Los Angeles Times

MacDonald puts his best leg forward

Fighter overcomes a gruesome injury to take Bellator MMA welterweig­ht belt.

- By Lance Pugmire lance.pugmire@latimes.com Twitter: latimespug­mire

Rory MacDonald’s fortitude already was well known from his epic 2015 welterweig­ht title loss to then-UFC champion Robbie Lawler.

Saturday at the Forum, MacDonald burnished his reputation by overcoming a gruesome, third-round injury to his left leg to wrest the Bellator MMA welterweig­ht belt from Douglas Lima by unanimous-decision scores of 48-47, 49-45, 49-46.

“He’s the best fighter I’ve ever fought. Easy,” MacDonald said after surviving what appeared to be a leg kick that would’ve finished lesser men.

The bout preceded a far less gripping main event. In the opening fight of Bellator’s eight-fighter heavyweigh­t tournament, Chael Sonnen scored three takedowns to edge Quinton “Rampage” Jackson, 29-28, on all three judges’ scorecards.

Sonnen (30-15-1) advances to meet the winner of the Fedor Emelianenk­o Frank Mir fight in April.

In the welterweig­ht scrap, Lima (29-7) landed hard first-round jabs on the nose MacDonald broke in his loss to Lawler, then delivered his massive kick to MacDonald’s left leg in the final minute of the third round.

MacDonald initially tried to rise, but the pain made that both impossible and unwise, so he instead chose to survive Lima’s push to finish the fight by getting atop MacDonald and punching the challenger.

MacDonald limped heavily back to his stool at the bell, the damage seen in a grotesque lump on the leg that reduced MacDonald to being carried to his dressing room after the fight.

Looking at the leg afterward, MacDonald joked, “I think I have a person growing inside me.”

Lima took down MacDonald (20-4) to start the fourth, then kicked the wounded leg again, but MacDonald managed to find his way atop Lima to close the round.

After keeping ice on the leg throughout the break, MacDonald returned to get on top of Lima and delivered so many elbows to Lima’s forehead that the Brazilian bled heavily above his right eye.

“I came here my very best and this guy gave me a challenge,” MacDonald said.

The victory, accomplish­ed with UFC welterweig­ht Nate Diaz watching cageside, gives MacDonald a claim as MMA’s top 170pounder since he previously defeated both Diaz and current UFC welterweig­ht champion Tyron Woodley.

Sonnen, 40, couldn’t seriously say he’s the world’s best heavyweigh­t after Saturday, although the funspirite­d fighter said afterward, “I have the biggest arms, the most charm and cause the most harm.”

His punches in his heavyweigh­t debut had little effect on Jackson, whose own strikes encouraged Sonnen to take the fight to the canvas.

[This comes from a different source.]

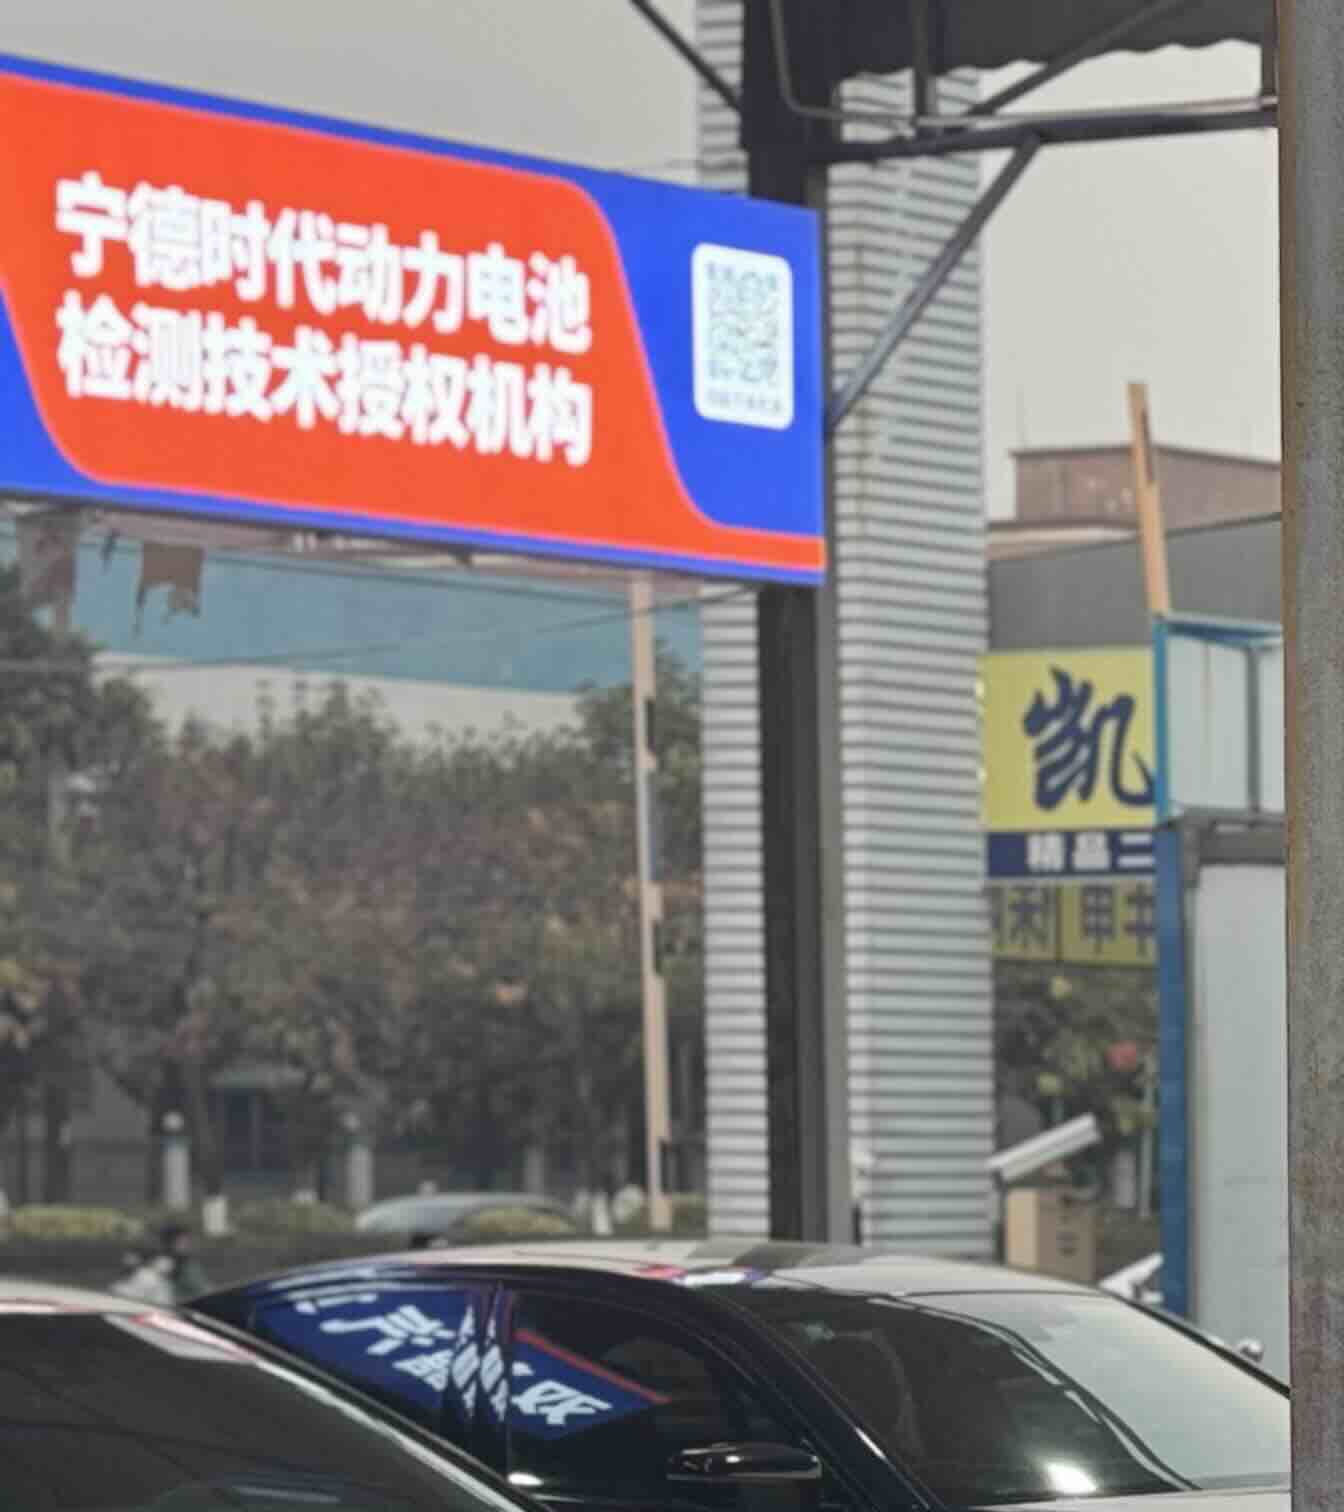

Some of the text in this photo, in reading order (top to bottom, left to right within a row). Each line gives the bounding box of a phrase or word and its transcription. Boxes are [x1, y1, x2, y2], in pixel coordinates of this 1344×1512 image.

[56, 172, 591, 353] 宁德时代动力电池
[56, 291, 592, 466] 检测技术授权机构
[1023, 663, 1155, 811] 凯

Sonnen had three takedowns after earlier shaking hands with Jackson on a bet to earn $10,000 for each takedown. Sonnen spent most of the second round atop Jackson, who pleaded with the referee to stand up the fighters, to no avail.

Jackson, at 39, couldn’t land the volume of punches he could a decade ago as UFC light-heavyweigh­t champion, and Sonnen advanced.

Earlier, in his first bout since losing his belt in June, former lightweigh­t champion Michael Chandler shrugged off some early punches to the face by Goiti Yamauchi to fiercely land more damaging power punches and proceed to victory by unanimous decision.

Judges awarded Chandler victory by 30-26, 30-26, 30-25.

Chandler (17-4) closed impressive­ly, knocking Yamauchi down in the third round and surging atop him to deliver a battering of punches to the head to clinch the one-sided decision over a fighter hyped as one of Bellator’s most dangerous.

“I don’t want to say I proved everybody wrong, but I proved them wrong,” Chandler said. “Everybody said he’s the toughest guy in the world…”

Chandler will be pointed to a rematch with champion Brent Primus, according to Bellator President Scott Coker.

“I’m a model employee,” Chandler cracked. “I do what I’m told.”